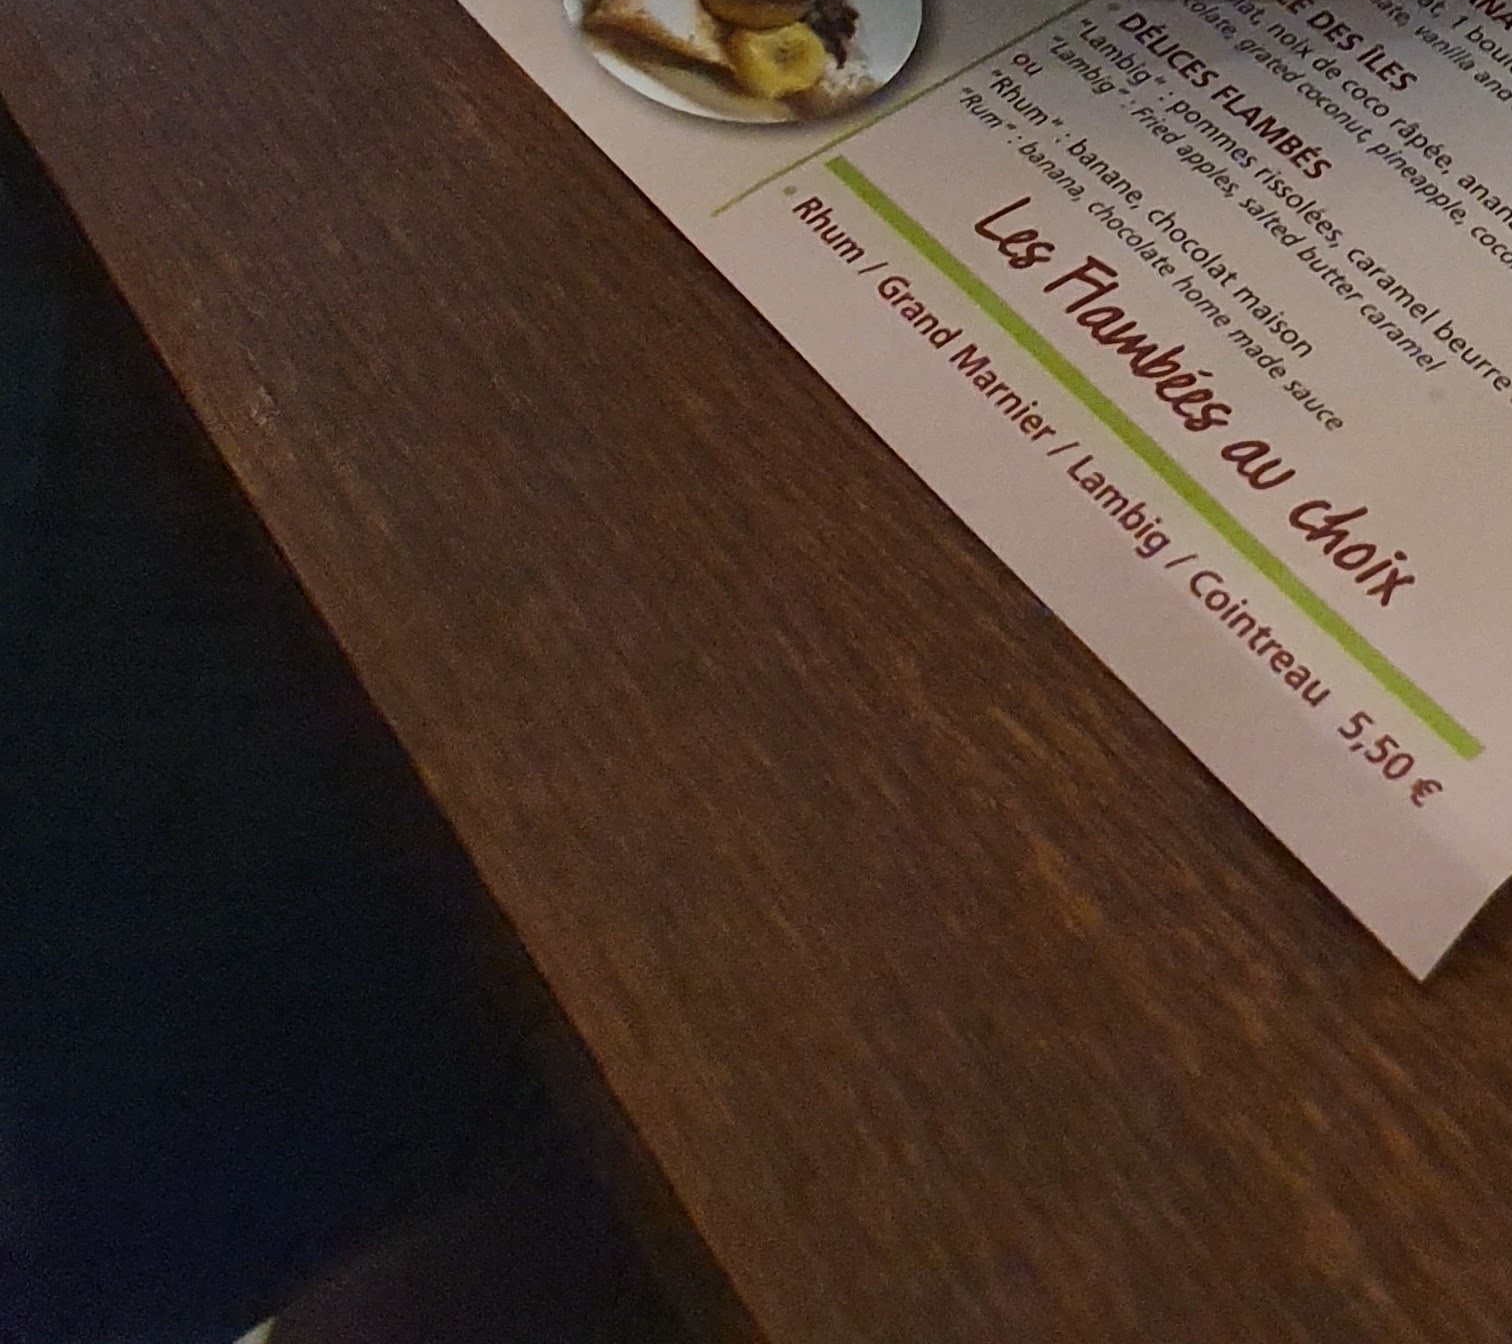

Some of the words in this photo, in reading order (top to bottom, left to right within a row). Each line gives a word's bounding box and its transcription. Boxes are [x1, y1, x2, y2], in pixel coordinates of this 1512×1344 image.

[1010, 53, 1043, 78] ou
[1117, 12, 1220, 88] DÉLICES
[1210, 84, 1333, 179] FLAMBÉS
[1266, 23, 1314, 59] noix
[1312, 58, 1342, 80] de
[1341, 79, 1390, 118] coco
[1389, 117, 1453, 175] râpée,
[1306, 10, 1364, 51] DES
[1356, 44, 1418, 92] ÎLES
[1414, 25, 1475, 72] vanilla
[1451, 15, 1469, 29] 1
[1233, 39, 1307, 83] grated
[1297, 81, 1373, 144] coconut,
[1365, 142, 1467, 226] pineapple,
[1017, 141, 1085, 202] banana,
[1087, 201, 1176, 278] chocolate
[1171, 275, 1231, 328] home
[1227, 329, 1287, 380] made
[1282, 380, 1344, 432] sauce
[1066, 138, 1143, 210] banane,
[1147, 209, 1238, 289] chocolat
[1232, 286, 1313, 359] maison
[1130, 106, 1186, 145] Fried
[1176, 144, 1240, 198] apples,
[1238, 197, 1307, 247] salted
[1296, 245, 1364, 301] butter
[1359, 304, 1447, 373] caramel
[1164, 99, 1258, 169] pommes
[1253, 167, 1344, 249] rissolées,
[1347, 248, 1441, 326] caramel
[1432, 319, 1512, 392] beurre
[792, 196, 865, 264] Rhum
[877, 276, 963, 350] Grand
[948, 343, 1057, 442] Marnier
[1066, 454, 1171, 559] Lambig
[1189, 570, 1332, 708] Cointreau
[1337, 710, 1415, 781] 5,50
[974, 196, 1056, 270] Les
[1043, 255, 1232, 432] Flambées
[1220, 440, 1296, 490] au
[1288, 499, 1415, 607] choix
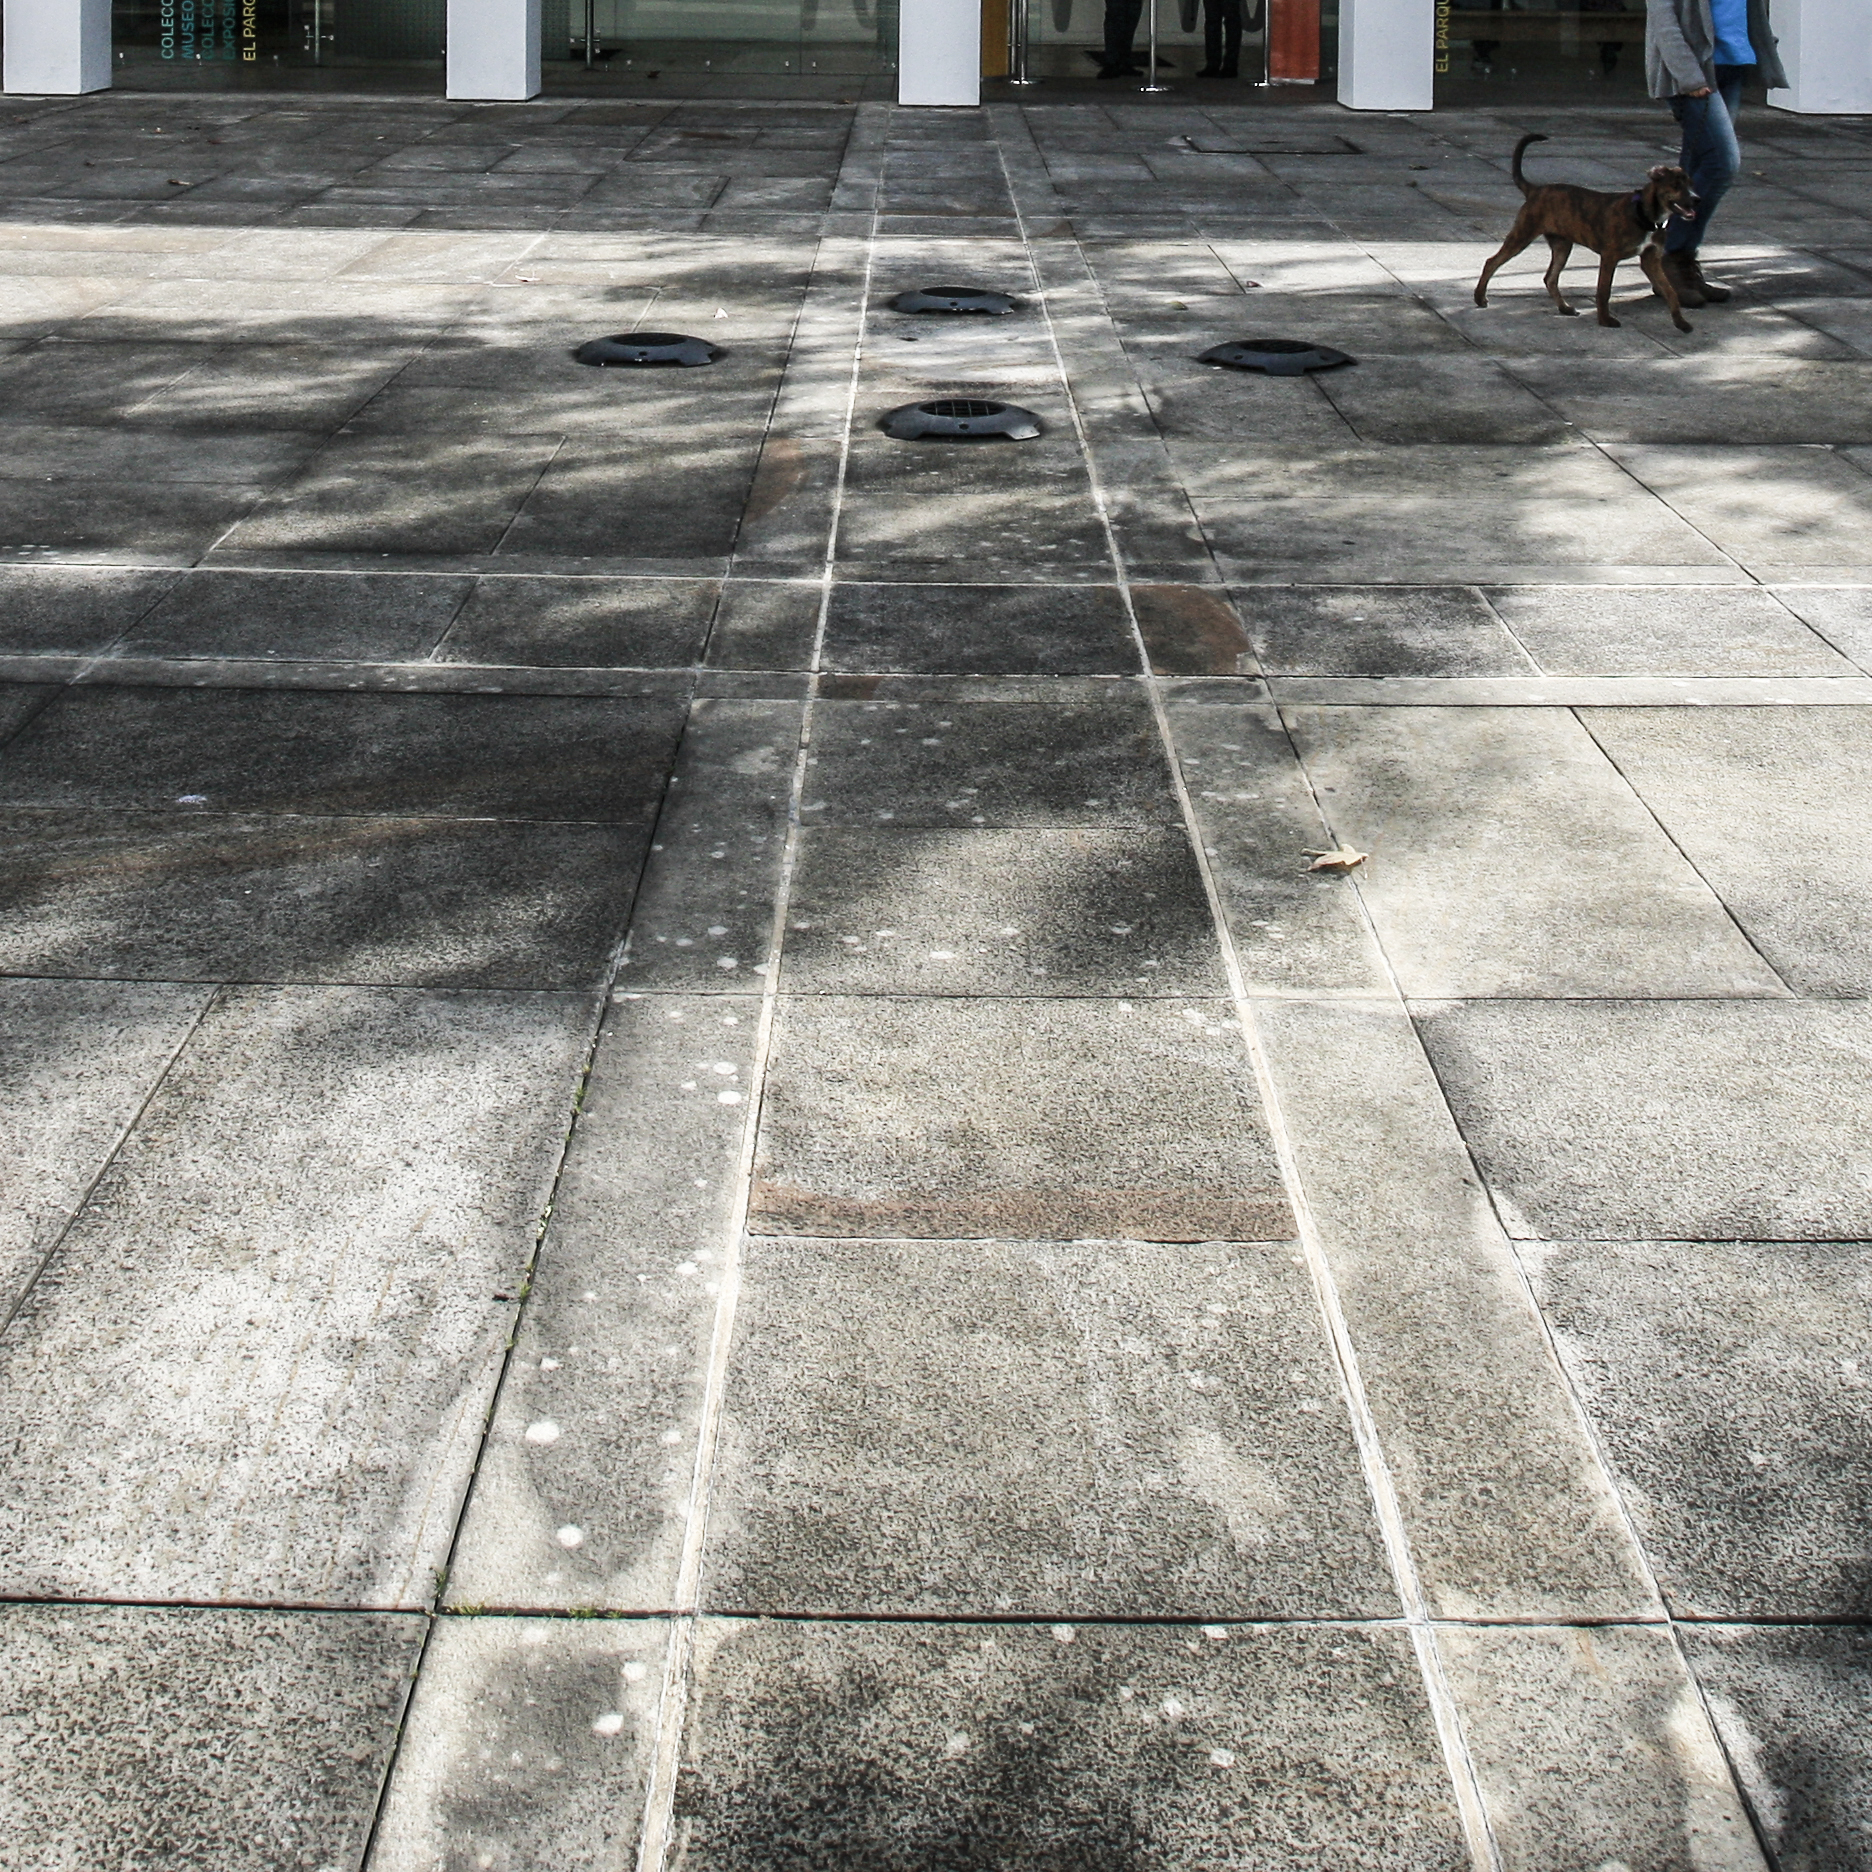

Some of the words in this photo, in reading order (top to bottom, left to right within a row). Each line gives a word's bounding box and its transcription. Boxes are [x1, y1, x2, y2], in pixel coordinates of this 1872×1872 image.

_YOUR OBJECTIVE:_ Without the pictures, transcribe the listing exactly as it stands.

_ANSWER SECTION:_
Some of the words in this photo, in reading order (top to bottom, left to right within a row). Each line gives a word's bounding box and its transcription. Boxes are [x1, y1, x2, y2], in pixel coordinates of this 1512×1344 image.

[1010, 53, 1043, 78] ou
[1117, 12, 1220, 88] DÉLICES
[1210, 84, 1333, 179] FLAMBÉS
[1266, 23, 1314, 59] noix
[1312, 58, 1342, 80] de
[1341, 79, 1390, 118] coco
[1389, 117, 1453, 175] râpée,
[1306, 10, 1364, 51] DES
[1356, 44, 1418, 92] ÎLES
[1414, 25, 1475, 72] vanilla
[1451, 15, 1469, 29] 1
[1233, 39, 1307, 83] grated
[1297, 81, 1373, 144] coconut,
[1365, 142, 1467, 226] pineapple,
[1017, 141, 1085, 202] banana,
[1087, 201, 1176, 278] chocolate
[1171, 275, 1231, 328] home
[1227, 329, 1287, 380] made
[1282, 380, 1344, 432] sauce
[1066, 138, 1143, 210] banane,
[1147, 209, 1238, 289] chocolat
[1232, 286, 1313, 359] maison
[1130, 106, 1186, 145] Fried
[1176, 144, 1240, 198] apples,
[1238, 197, 1307, 247] salted
[1296, 245, 1364, 301] butter
[1359, 304, 1447, 373] caramel
[1164, 99, 1258, 169] pommes
[1253, 167, 1344, 249] rissolées,
[1347, 248, 1441, 326] caramel
[1432, 319, 1512, 392] beurre
[792, 196, 865, 264] Rhum
[877, 276, 963, 350] Grand
[948, 343, 1057, 442] Marnier
[1066, 454, 1171, 559] Lambig
[1189, 570, 1332, 708] Cointreau
[1337, 710, 1415, 781] 5,50
[974, 196, 1056, 270] Les
[1043, 255, 1232, 432] Flambées
[1220, 440, 1296, 490] au
[1288, 499, 1415, 607] choix

Some of the words in this photo, in reading order (top to bottom, left to right within a row). Each line gives a word's bounding box and its transcription. Boxes are [x1, y1, x2, y2], in pixel coordinates of this 1872×1872 image.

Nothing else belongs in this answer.